During all my years as an interpreter, and specifically through my work as a court interpreter, I have learned that the common denominator among most police forces in the country seems to be their desire to save money on interpretation.  Apparently the fact that the investigation is jeopardized by using the services of unqualified or under-qualified linguists is not a concern.  Even in those towns where cases are systematically dismissed by the prosecution, or dismissed by the judges, because of violations to the rights of the defendant, or where indictments are based on faulty testimony, all due to a lack of communication between the English speaking authority and the non-English speaker defendant, victim, or witness,  because of poor interpretation, chiefs of police,  budget analysts, and city administrators are choosing the cheaper service provider over the sound and accurate legal investigation.
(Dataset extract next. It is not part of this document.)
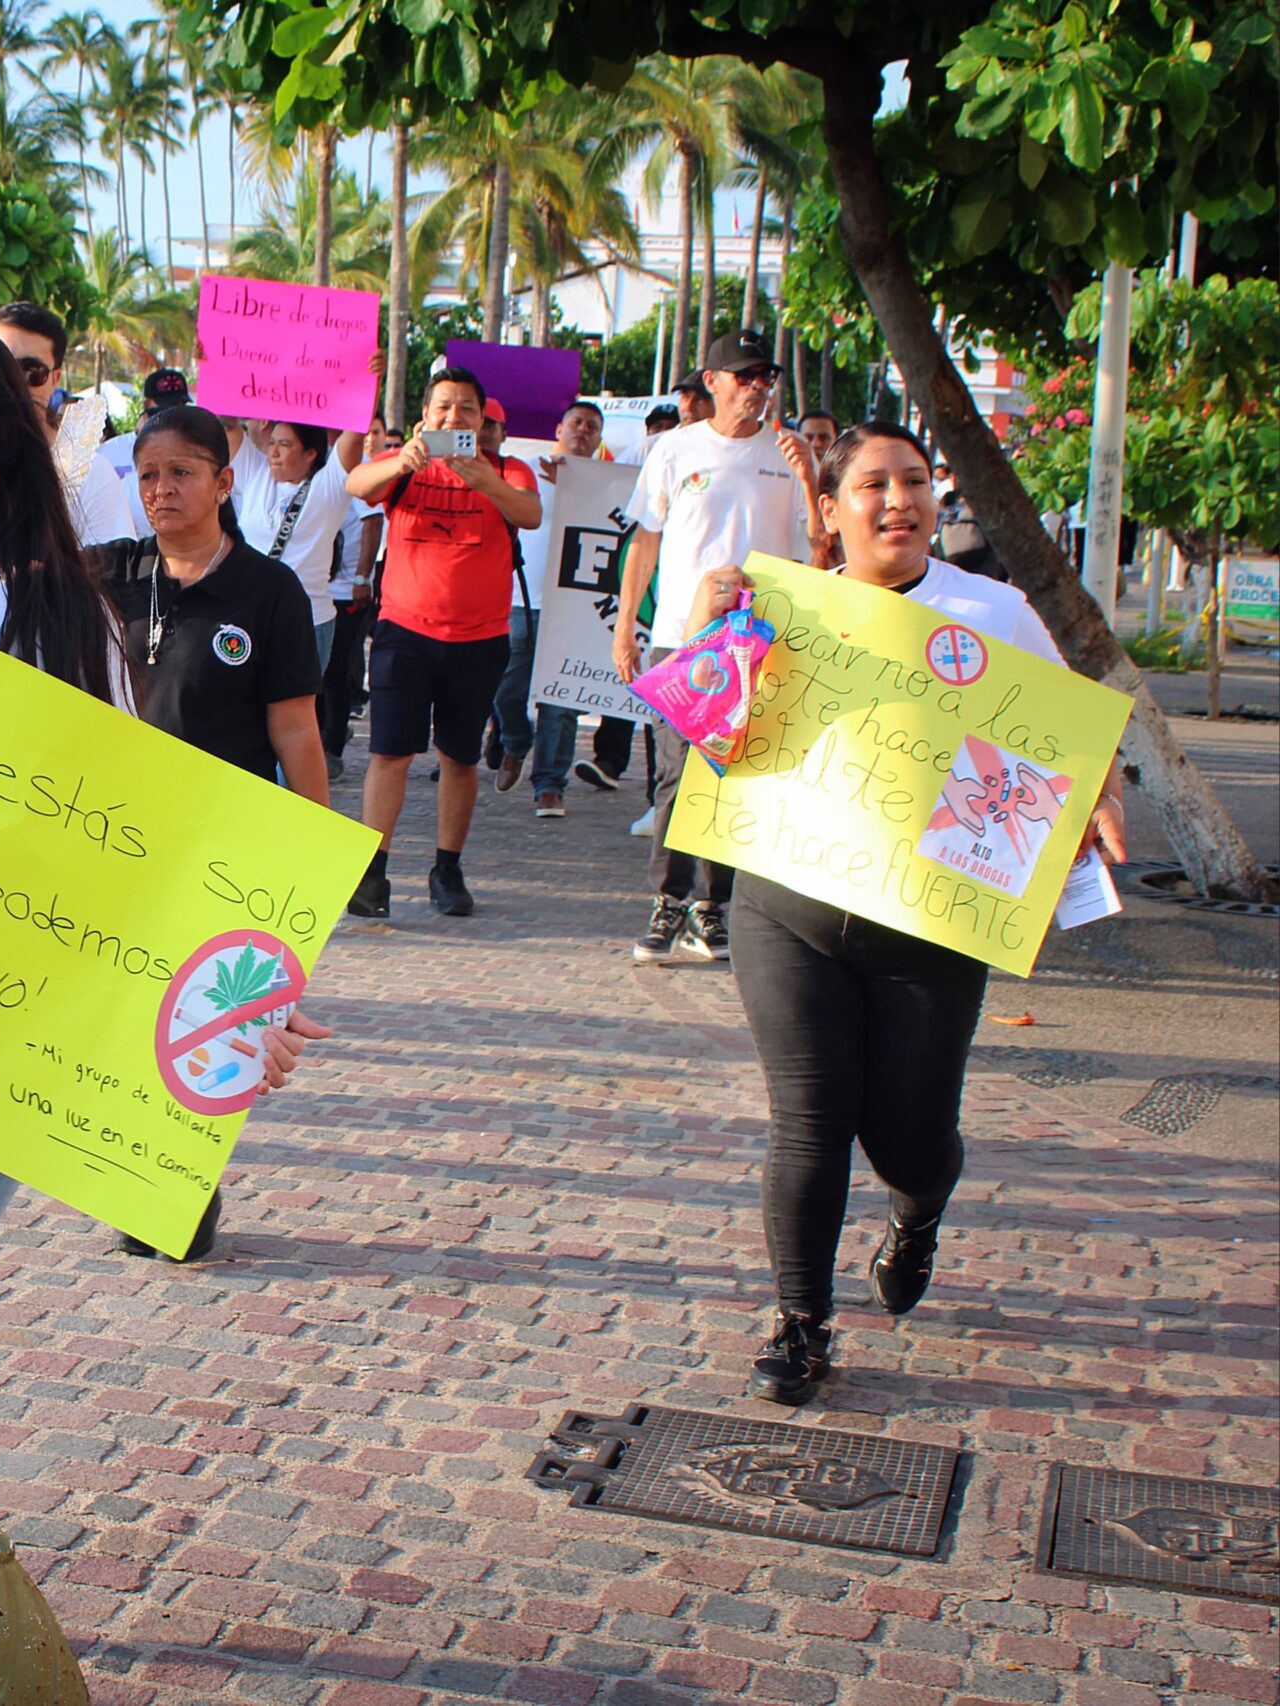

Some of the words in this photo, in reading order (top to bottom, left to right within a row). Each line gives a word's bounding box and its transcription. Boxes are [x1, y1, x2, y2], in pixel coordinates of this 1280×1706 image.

We all know that a dollar saved on a bad interpreter will translate on thousands of dollars spent on a new trial, an appeal process, or a brand new investigation.  Every time I have a chance, I talk to law enforcement administrators and try to explain how a real interpreter costs more, but at the same time she saves you money.  A $100.00 per hour interpreter will do her job correctly in two hours, while a mediocre $40.00 per hour individual will take longer, as he struggles to understand the language, comprehend the process, and communicate the concepts to both, police officer and non-English speaker.  After 8 long hours with a bad “interpreter”, the investigation moved very little, the legal process was violated several times, the cheap interpreter cost $320.00, and he has to come back the next day to finish the interview.  There were no savings.

So, as I sat there watching this video, looking at my colleague working so hard, writing down the mistakes of the interpreter doing the interview, making footnotes of her omissions, charting the additions she volunteered into the interview, and listening to my interpreter friend telling me how this police woman, part-time “interpreter” had already caused the dismissal of many cases because of her lack of skill and knowledge, I came to a strange realization:  The good interpreters are losing these police assignments to the bad ones, but because of this policy by the police departments, these good interpreters are now working as expert witnesses and linguistic advisors to the parties.  Therefore, at the end, the good interpreter wins because it is more lucrative to be the expert witness or advisor. But wait; what about the defendant, the victim, and society at large?  They may all get their justice in the long run after a lengthy legal process of appeals and re-tried cases, but in the meantime the victim will not feel safe, the innocent defendant will sit in a cell, and society will pay a hefty legal bill. All because the police department wants to save by hiring the bad interpreter.  I would like to read your comments and experiences about this topic.